Isabelle Augenstein (University of Copenhagen). Understanding the Interplay between LLMs’ Utilisation of Parametric and Contextual Knowledge
[Abstract]
Language Models (LMs) acquire parametric knowledge from their training process, embedding it within their weights. The increasing scalability of LMs, however, poses significant challenges for understanding a model’s inner workings and further for updating or correcting this embedded knowledge without the significant cost of retraining. Moreover, when using these language models for knowledge-intensive language understanding tasks, LMs have to integrate relevant context, mitigating their inherent weaknesses, such as incomplete or outdated knowledge. Nevertheless, studies indicate that LMs often ignore the provided context as it can be in conflict with the pre-existing LM’s memory learned during pre-training. Conflicting knowledge can also already be present in the LM’s parameters, termed intra-memory conflict. This underscores the importance of understanding the interplay between how a language model uses its parametric knowledge and the retrieved contextual knowledge.
In this talk, I will aim to shed light on this important issue by presenting our research on evaluating the knowledge present in LMs, diagnostic tests that can reveal knowledge conflicts, as well as on understanding the characteristics of successfully used contextual knowledge.
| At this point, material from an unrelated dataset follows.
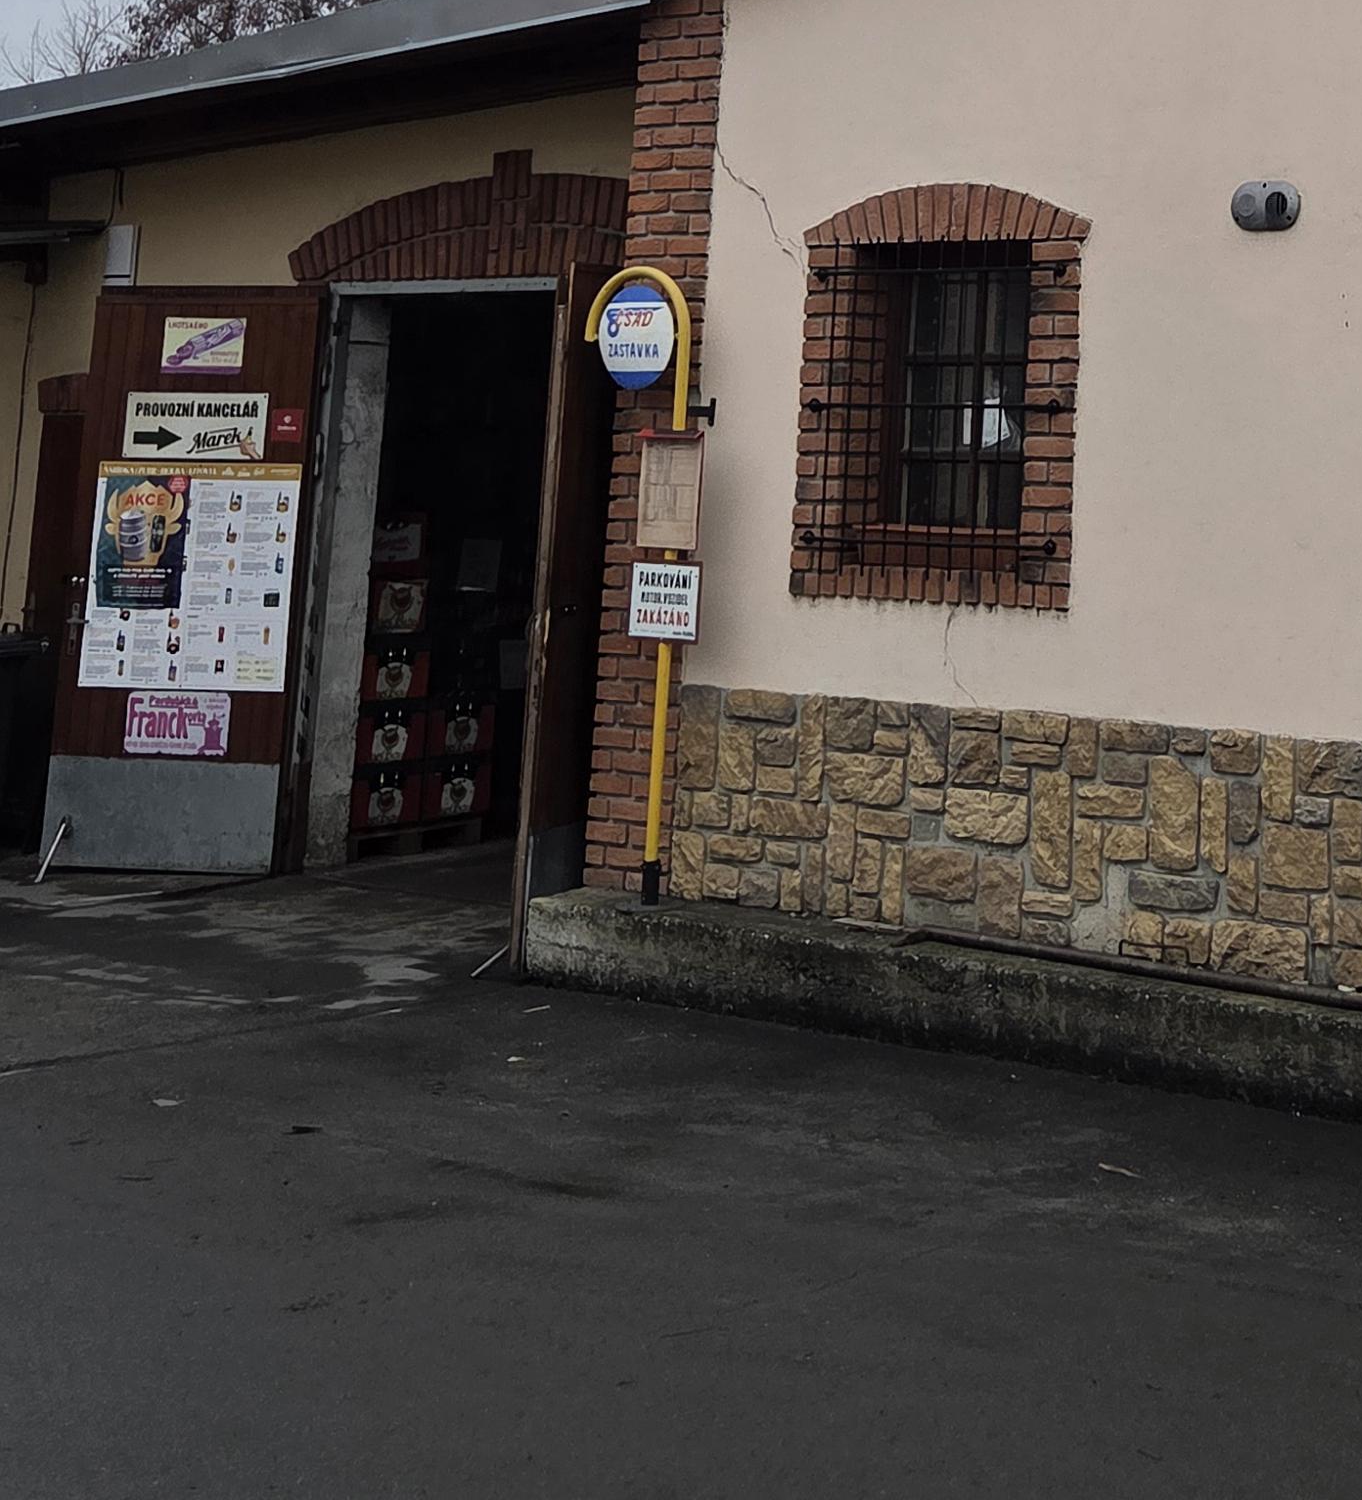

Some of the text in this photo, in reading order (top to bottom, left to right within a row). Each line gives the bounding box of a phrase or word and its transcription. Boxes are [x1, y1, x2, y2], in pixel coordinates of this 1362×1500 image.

Julia Kreutzer (Cohere Labs) Multilingual-First Language Modeling
[Abstract]
Large Language Models (LLMs) have traditionally been dominated by English-centric approaches, often overlooking the rich diversity of languages around the globe. In this talk, we explore the transformative potential of multilinguality across every stage of LLM development, from tokenization to inference and evaluation. We demonstrate how multilingual models not only enhance performance across diverse languages but also drive innovation. We will discuss how to prioritize multilinguality from the ground up, and to design evaluation to measure equitable performance across languages. By shifting the focus beyond English, we highlight how research in non-English languages can lead to breakthroughs that benefit the entire LLM community. This talk underscores the importance of embracing linguistic and cultural diversity as a catalyst for advancing LLMs and fostering global inclusivity in AI.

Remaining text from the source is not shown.